= David Grose =

American archaeologist

David F. Grose (November 21, 1944 – October 13, 2004) was an American archaeologist and Professor of Classics and Archaeology at the University of Massachusetts Amherst. He was an authority on the classification of early ancient glass from the Roman period.

==Background==
David Frederick Grose was born in the small farming town of Kenyon, Minnesota. He was the second child of Frederick and Marie Grose. When he was age 6 years, his family moved to Austin, Minnesota. He attended Austin Public Schools were his sixth grade teacher, Janet Dickson, remembered that his favorite subject was ancient Egypt. He attended St. Olaf College in Northfield, Minnesota were his great uncle, Ingebrikt Grose, had been a professor of Language and Religion shortly after its founding. While at St. Olaf College, Grose went on his first excavation to Native American sites in South Dakota. He also successfully competed for a Fulbright Scholarship to study Hadrian's Wall in England after he graduated from St. Olaf College in 1966.

==Education==
After completing his Fulbright fellowship, Grose attended Harvard University, as a graduate student in the Department of History. He wrote his doctoral thesis on the administration of the city of Rome under the Roman Republic. His advisor was Professor Mason Hammond. Grose wrote a considerable portion of his thesis while at the American Academy in Rome in Rome, Italy. Grose received his doctoral degree from Harvard in 1975.
Thereafter, he spent one year at the Museum of Art and Archeology at the University of Missouri, in Columbia, Missouri. While at Missouri, he was strongly influenced by archeologist Gladys Davidson Weinberg (1909 – 2002) to consider the study of ancient glass. Therefore, he spent another year at the Toledo Museum of Glass in Toledo, Ohio.

==Career==
Subsequently, he accepted a faculty position at the University of Massachusetts Amherst. He continued to pursue his interest in Roman glass and spent many summers at the American Academy of Rome. In 1989, he published his authoritative textbook Early Ancient Glass. This book was quickly accepted as a definitive description of glass production during ancient Rome. Largely due to this accomplishment, Grose was selected for membership in the prestigious Society of Antiquaries of London in 1991.

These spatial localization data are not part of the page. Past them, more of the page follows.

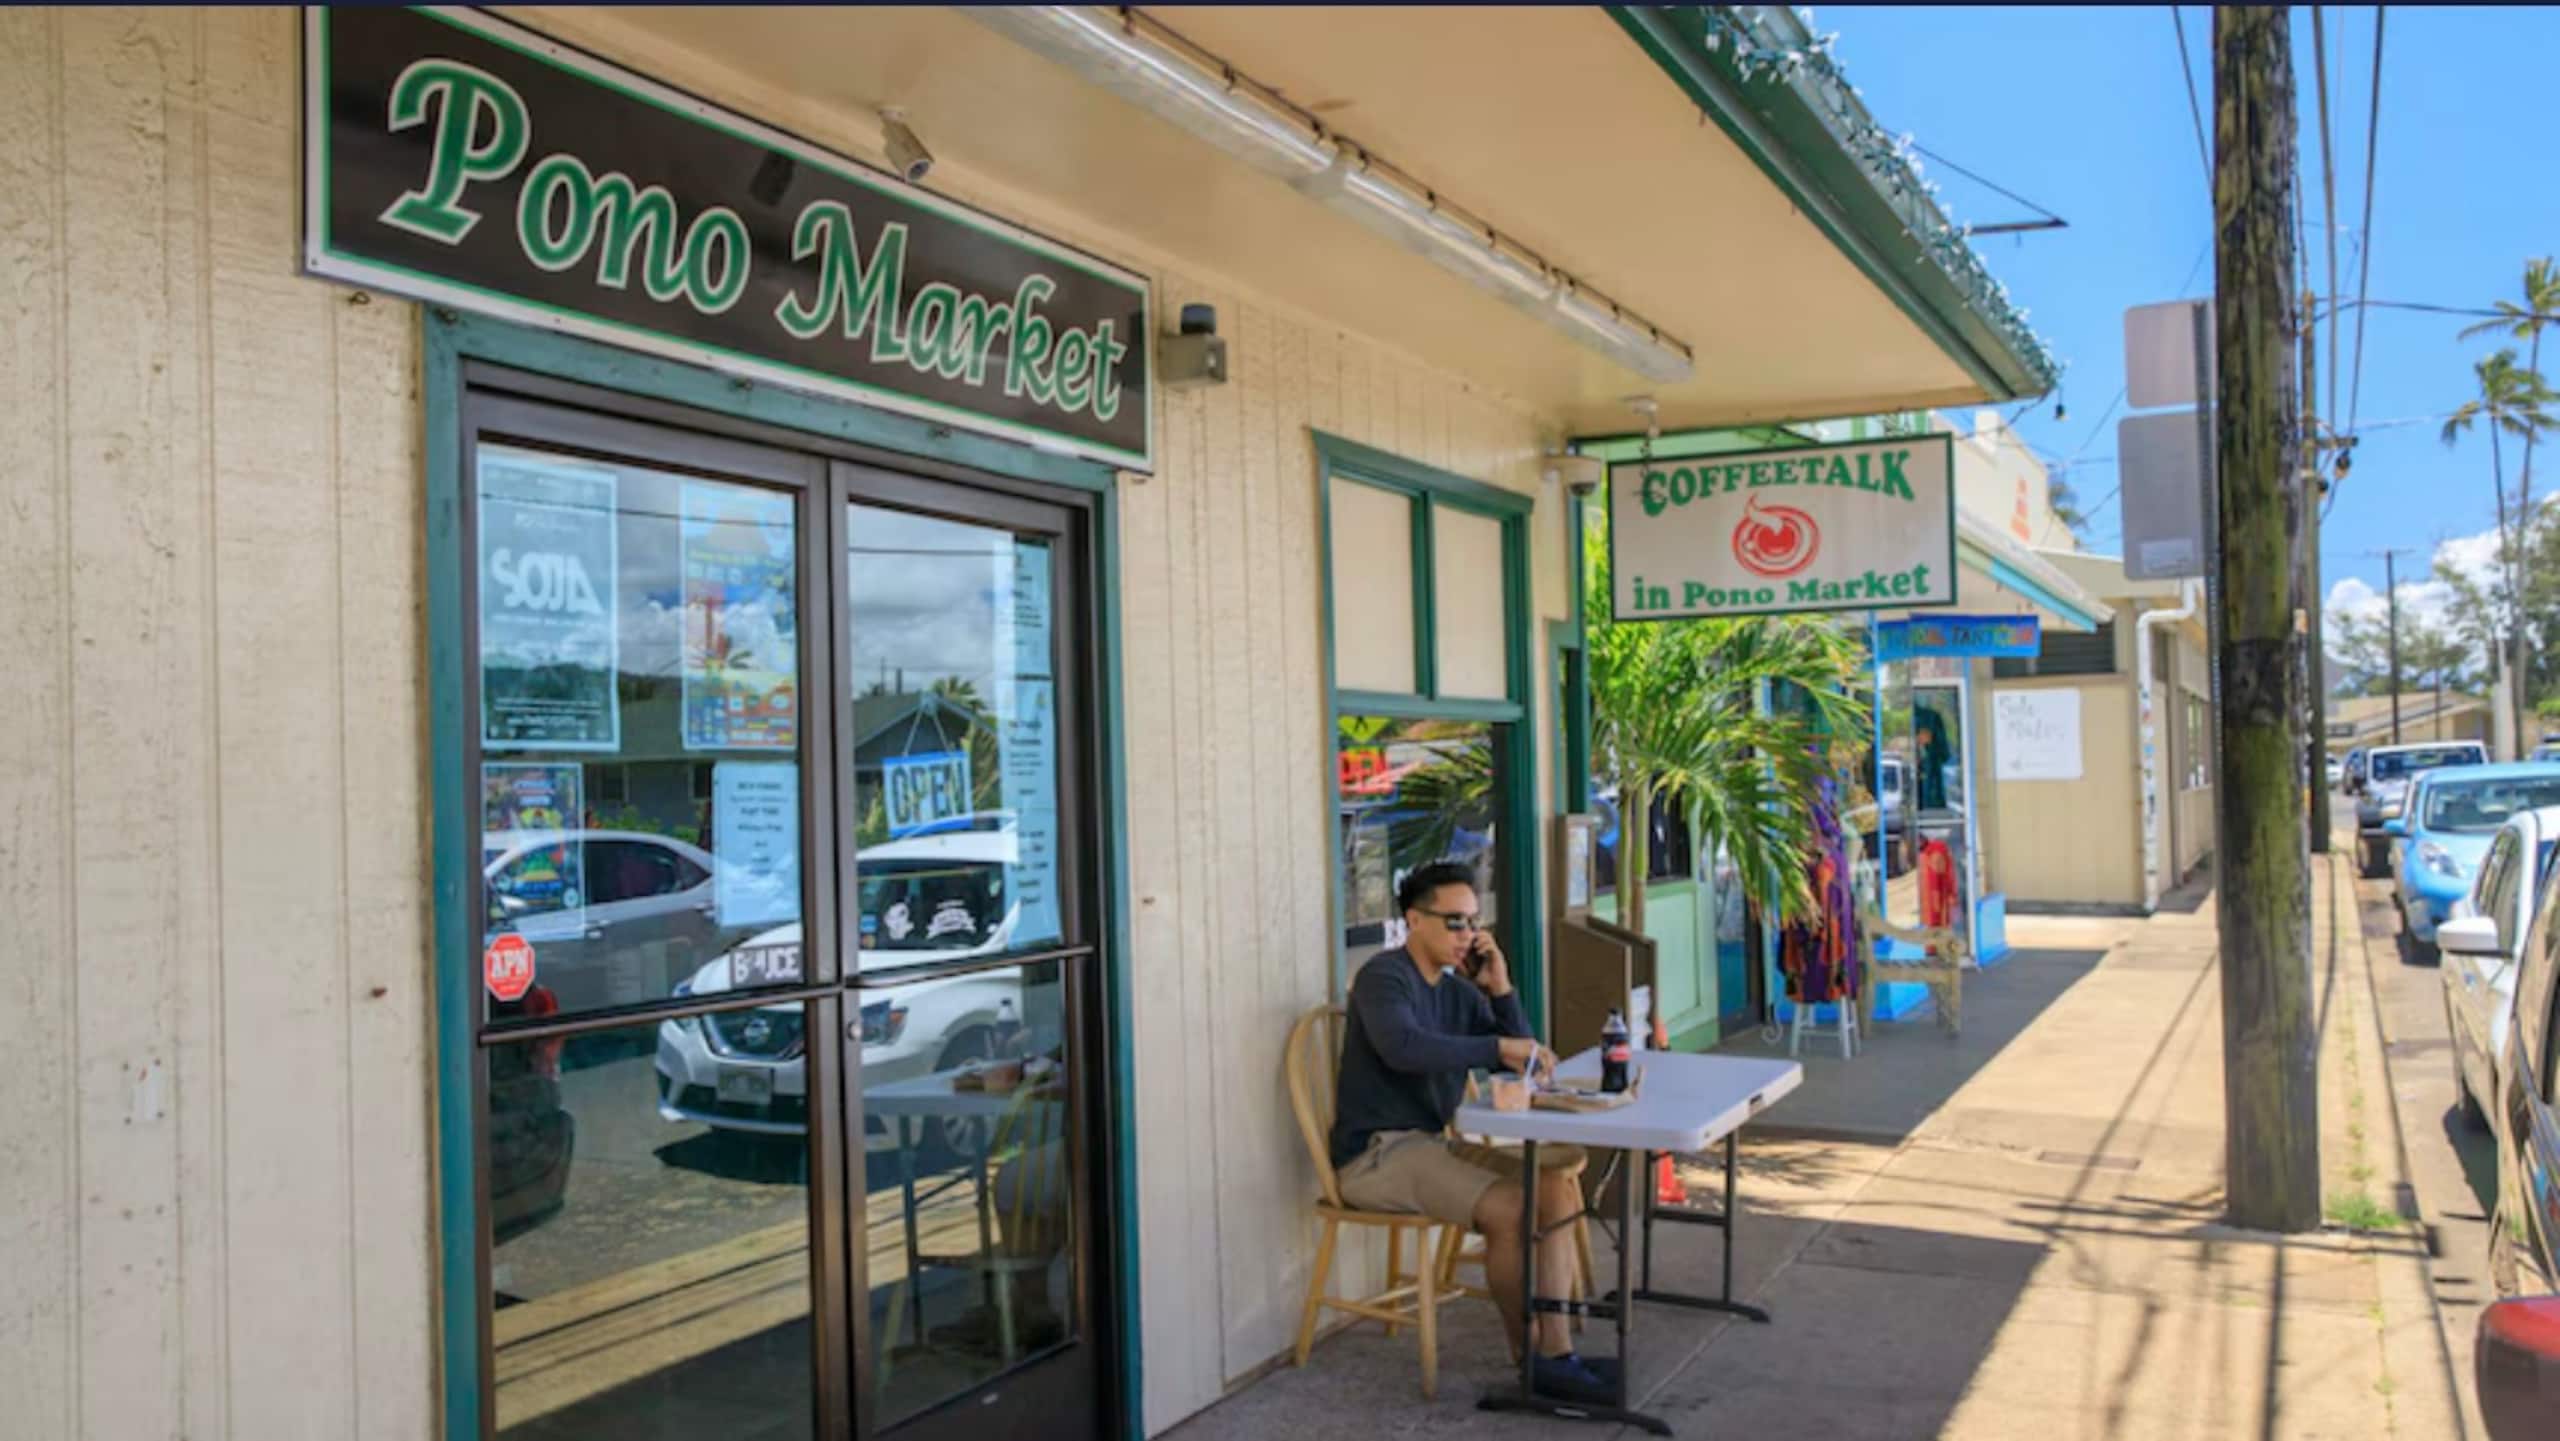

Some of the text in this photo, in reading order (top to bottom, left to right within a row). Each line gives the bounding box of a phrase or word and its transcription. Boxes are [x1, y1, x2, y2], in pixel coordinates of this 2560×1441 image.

[379, 58, 1126, 421] Pono Market
[1641, 449, 1915, 517] COFFEETALK
[1633, 563, 1930, 610] in Pono Market
[892, 760, 966, 825] OPEN
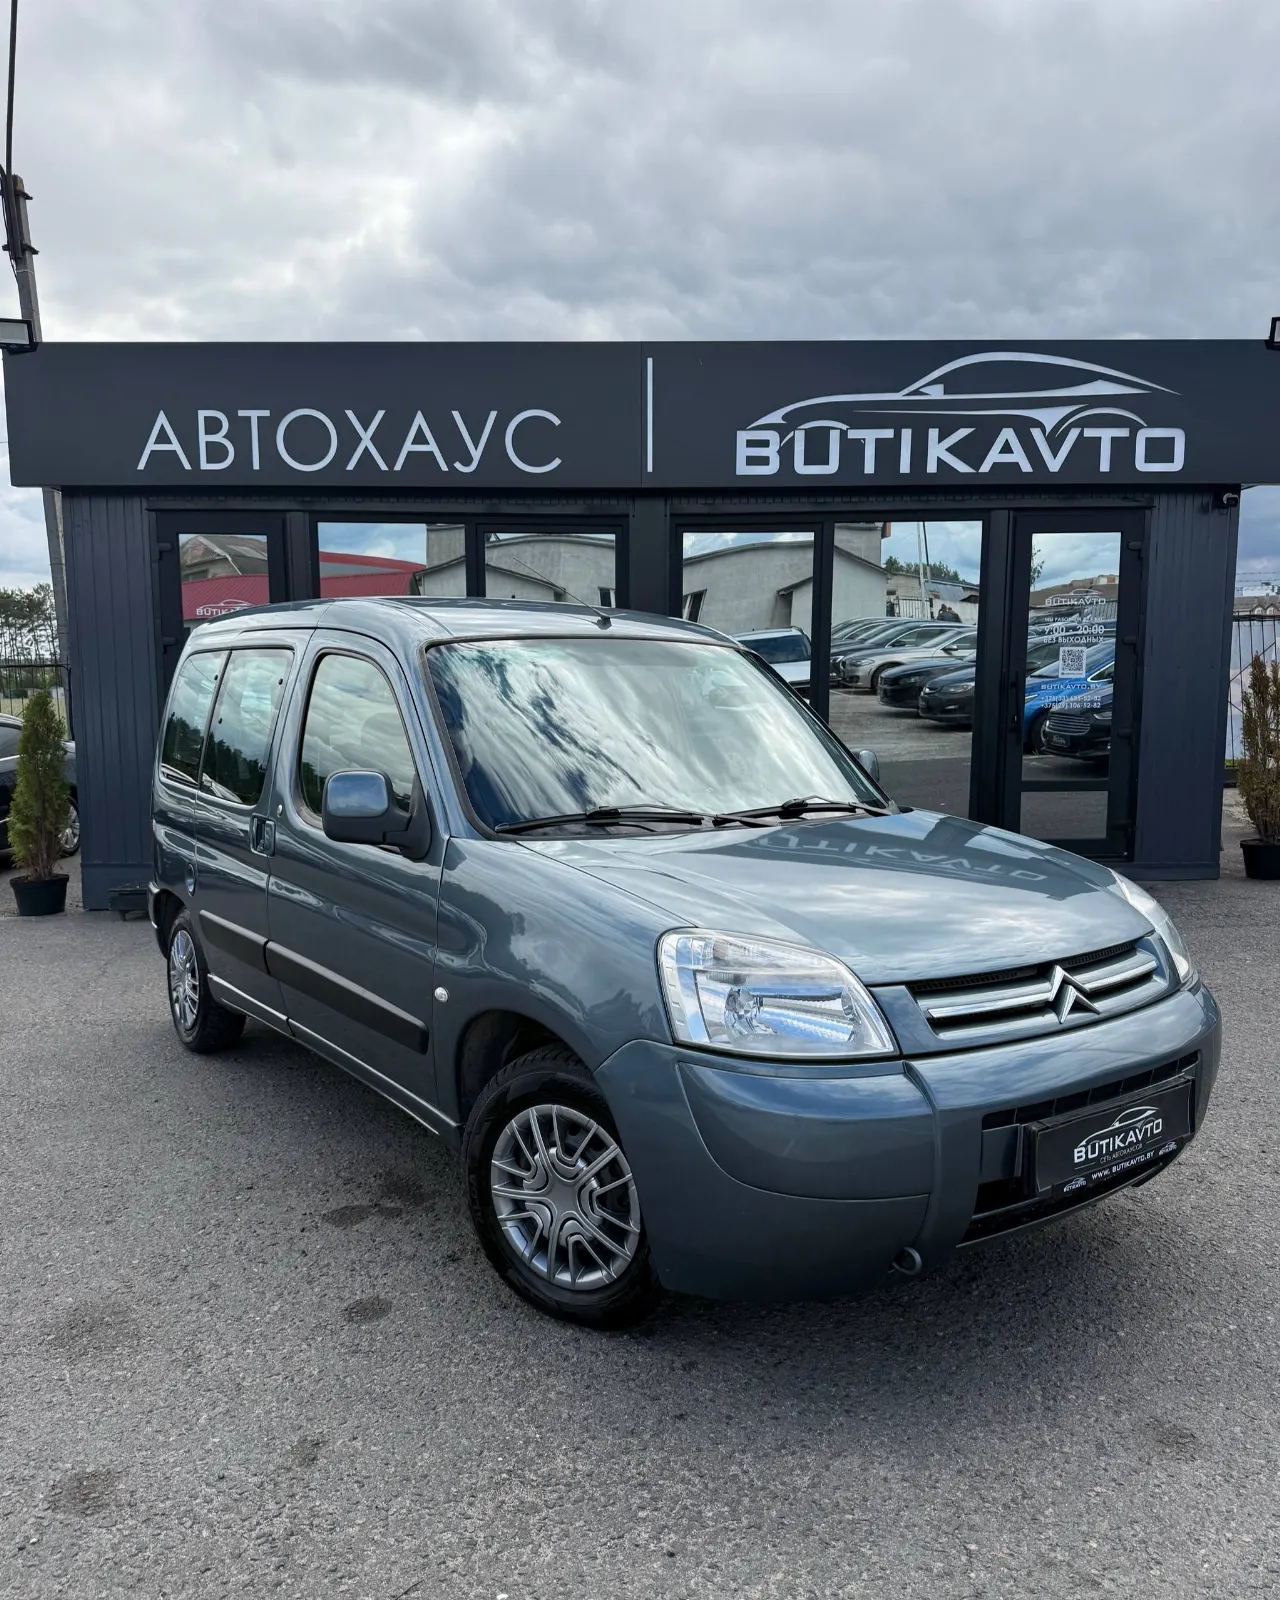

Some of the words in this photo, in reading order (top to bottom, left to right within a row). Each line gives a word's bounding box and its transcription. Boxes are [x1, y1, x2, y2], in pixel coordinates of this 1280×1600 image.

[136, 408, 563, 474] АВТОХАУС
[735, 426, 1186, 476] BUTIKAVTO
[1045, 598, 1106, 606] BUTIKAVTO
[1044, 625, 1066, 635] 9:00
[1076, 625, 1105, 634] 20:00
[1073, 1118, 1163, 1164] BUTIKAVTO
[1112, 1150, 1155, 1173] BUTIKAVTO.BY

Later, Grose was chosen to be Chairman of the Department of Classics at the University of Massachusetts Amherst. He also was a consultant to the Metropolitan Museum of Art in New York City, and the British Museum in London.

David Grose died in Cambridge, Massachusetts. His funeral was held in the Chapel of St. Olaf College. He was buried at Gol Lutheran Church cemetery in Kenyon, Minnesota. His great-grandfather Johan Grose, who had emigrated in 1854 from Stettin, Prussia and his great-grandmother, Ingeborg Ness Grose, who had emigrated in 1854 from Sogn, Norway were founding members of this church.

==Awards==
- Fulbright-Hays Fellowship (1966–1967)
- Rakow Award for Excellence in the History of Glass (1984)

==David F. Grose Memorial ==
The David F. Grose Memorial Fund in Classics was established by the University of Massachusetts Amherst, Department of Classics during the 2003–2004 academic year in order to provide support for our undergraduate students and the programs and scholarships that benefit them.

==Other sources==
- Grose, David Frederick (1989) Early Ancient Glass: The Toledo Museum of Art (Hudson Hills Press) ISBN 9780933920927
- Grose, David Frederick (R. T. Scott, editor). The Hellenistic, Roman, and Medieval Glass from Cosa. Ann Arbor: University of Michigan Press, 2017. ISBN 978-0-472-13062-7.